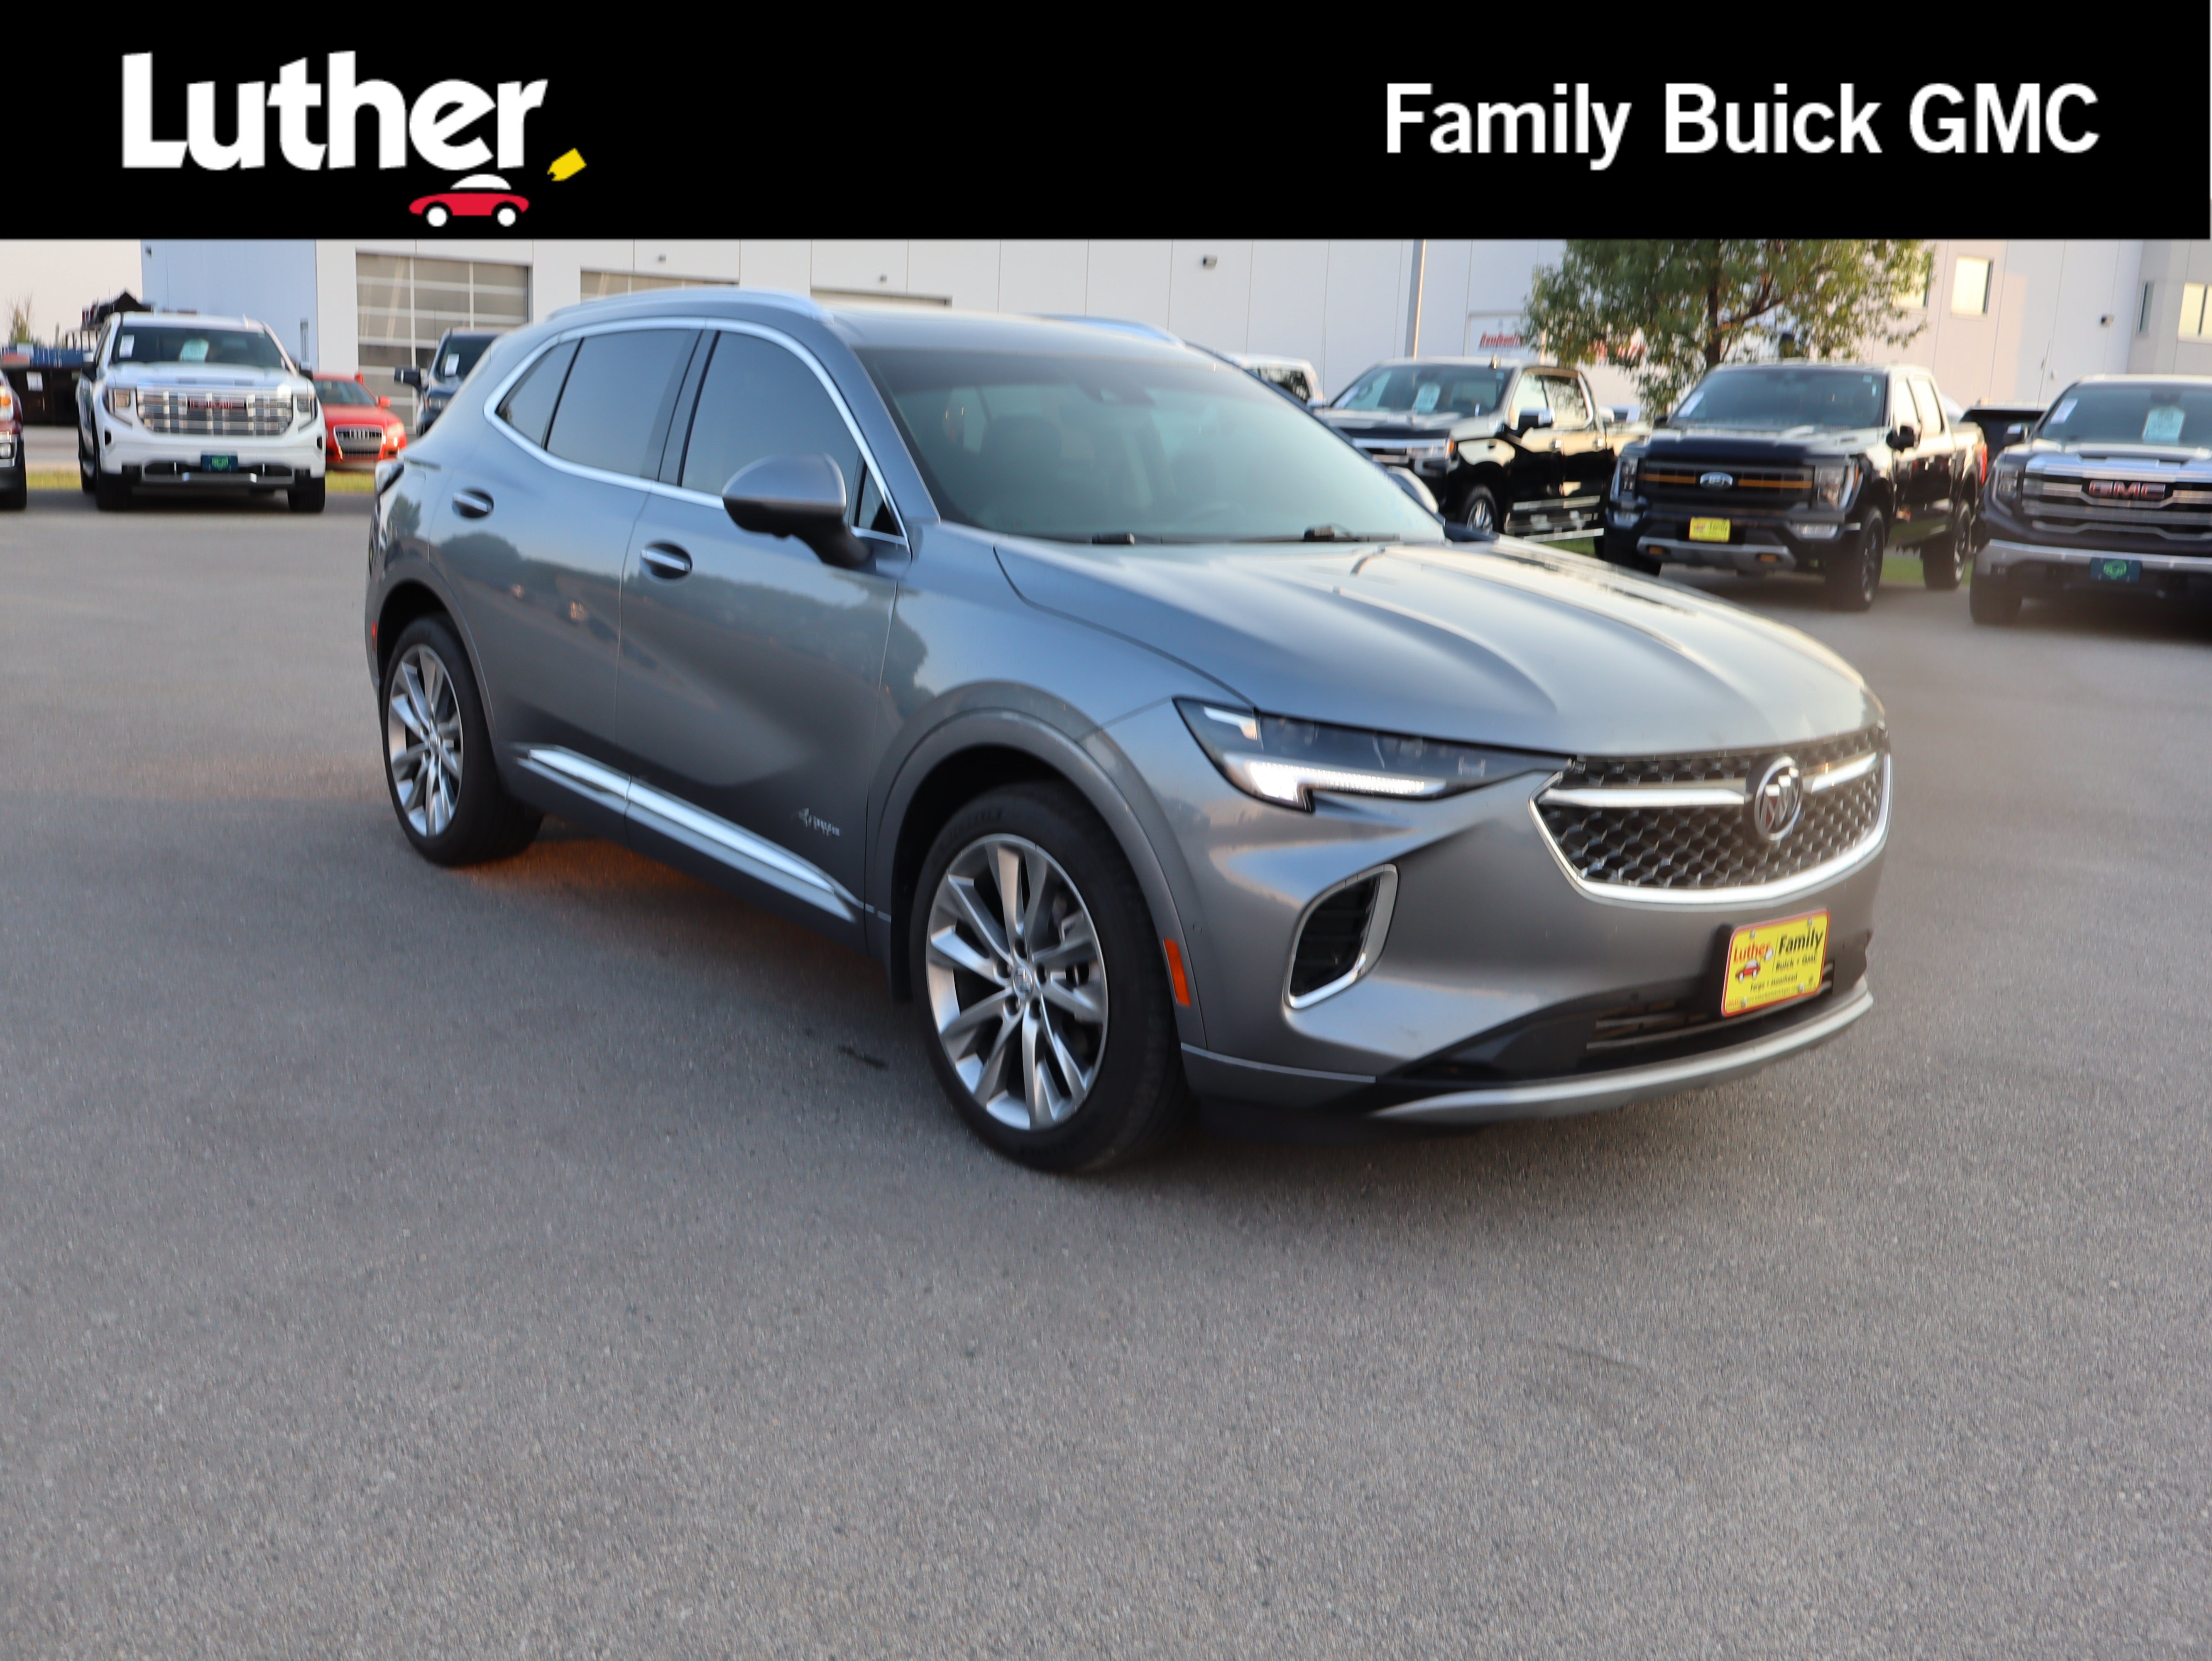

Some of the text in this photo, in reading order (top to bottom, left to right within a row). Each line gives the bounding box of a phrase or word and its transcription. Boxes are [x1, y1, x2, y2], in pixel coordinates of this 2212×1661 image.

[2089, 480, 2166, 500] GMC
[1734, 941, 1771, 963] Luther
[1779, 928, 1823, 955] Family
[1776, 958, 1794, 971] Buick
◆ ◆ ◆ ◆ ◆ ◆ ◆
AIM OF THE TASK:
In transcribing the material above, reproduce each line exactly and include none of the pictures.

REPLY TO THE EXERCISE:
Some of the text in this photo, in reading order (top to bottom, left to right within a row). Each line gives the bounding box of a phrase or word and its transcription. Boxes are [x1, y1, x2, y2], in pixel coordinates of this 2212×1661 image.

[2089, 480, 2166, 500] GMC
[1734, 941, 1771, 963] Luther
[1779, 928, 1823, 955] Family
[1776, 958, 1794, 971] Buick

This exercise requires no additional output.